9. Der Verfassungsgerichtshof hat seit dem Beschluss VfSlg 8058/1977 unter Hinweis auf VfSlg 8009/1977 in ständiger Rechtsprechung den Standpunkt vertreten, die Antragslegitimation nach Art139 Abs1 Z3 B VG setze voraus, dass durch die bekämpfte Bestimmung die (rechtlich geschützten) Interessen des Antragstellers nicht bloß potentiell, sondern aktuell beeinträchtigt werden müssen und dass der durch Art139 Abs1 Z3 B VG dem Einzelnen eingeräumte Rechtsbehelf dazu bestimmt ist, Rechtsschutz gegen rechtswidrige generelle Normen nur insoweit zu gewähren, als ein anderer zumutbarer Weg hiefür nicht zur Verfügung steht (zB VfSlg 11.684/1988, 14.297/1995, 15.349/1998, 16.345/2001 und 16.836/2003).

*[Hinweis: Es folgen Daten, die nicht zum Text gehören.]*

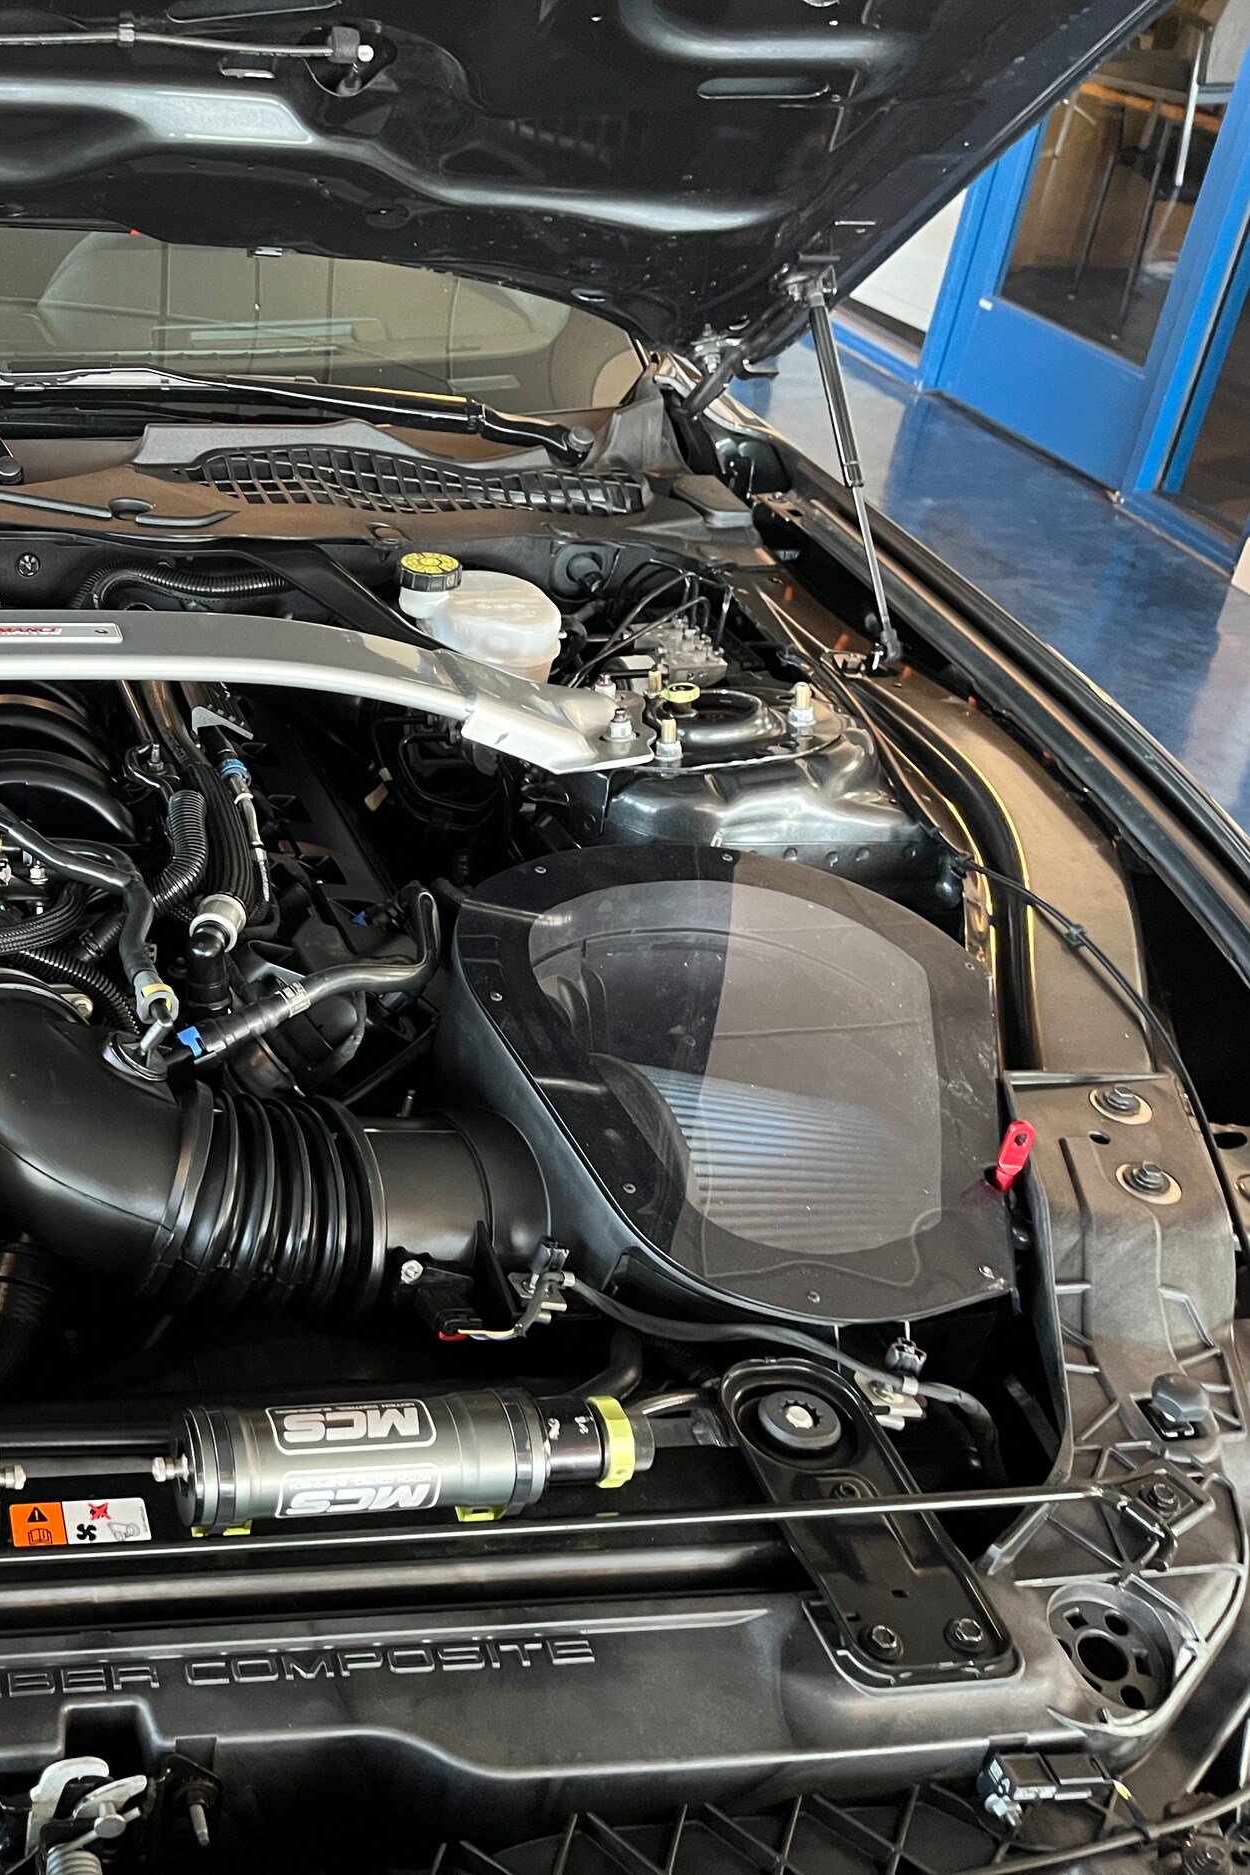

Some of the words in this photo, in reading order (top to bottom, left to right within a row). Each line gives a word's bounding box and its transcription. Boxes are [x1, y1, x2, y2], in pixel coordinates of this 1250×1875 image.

10. Im vorliegenden Fall steht den antragstellenden Gesellschaften ein zumutbarer Weg zur Verfügung, ihre Bedenken an den Verfassungsgerichtshof heranzutragen. Gemäß §33d Abs3 WRG 1959 können sie innerhalb von zwei Jahren ab Inkrafttreten der angefochtenen Verordnung der Behörde ein Sanierungsprojekt, allenfalls auch in Form einer "Leermeldung" (dh die Gesellschaften vertreten die Auffassung, sie müssten gegenüber dem seinerzeit bewilligten Projekt keine Änderungen vornehmen), zur wasserrechtlichen Bewilligung vorlegen, sobald sie der Ansicht sind, alle ihnen nach dem Gesetz obliegenden Verpflichtungen erfüllt zu haben. Im Wege des damit eingeleiteten Bewilligungsverfahrens haben sie die Möglichkeit, ihre Bedenken gegen die Stmk Sanierungsverordnung an den Verfassungsgerichtshof heranzutragen. Die mit der Einleitung des Bewilligungsverfahrens verbundenen Kosten sind den Antragstellern zumutbar.

11. Der vorliegende Antrag ist daher als unzulässig zurückzuweisen.

12. Diese Entscheidung konnte gemäß §19 Abs3 Z2 lite VfGG ohne mündliche Verhandlung in nichtöffentlicher Sitzung getroffen werden.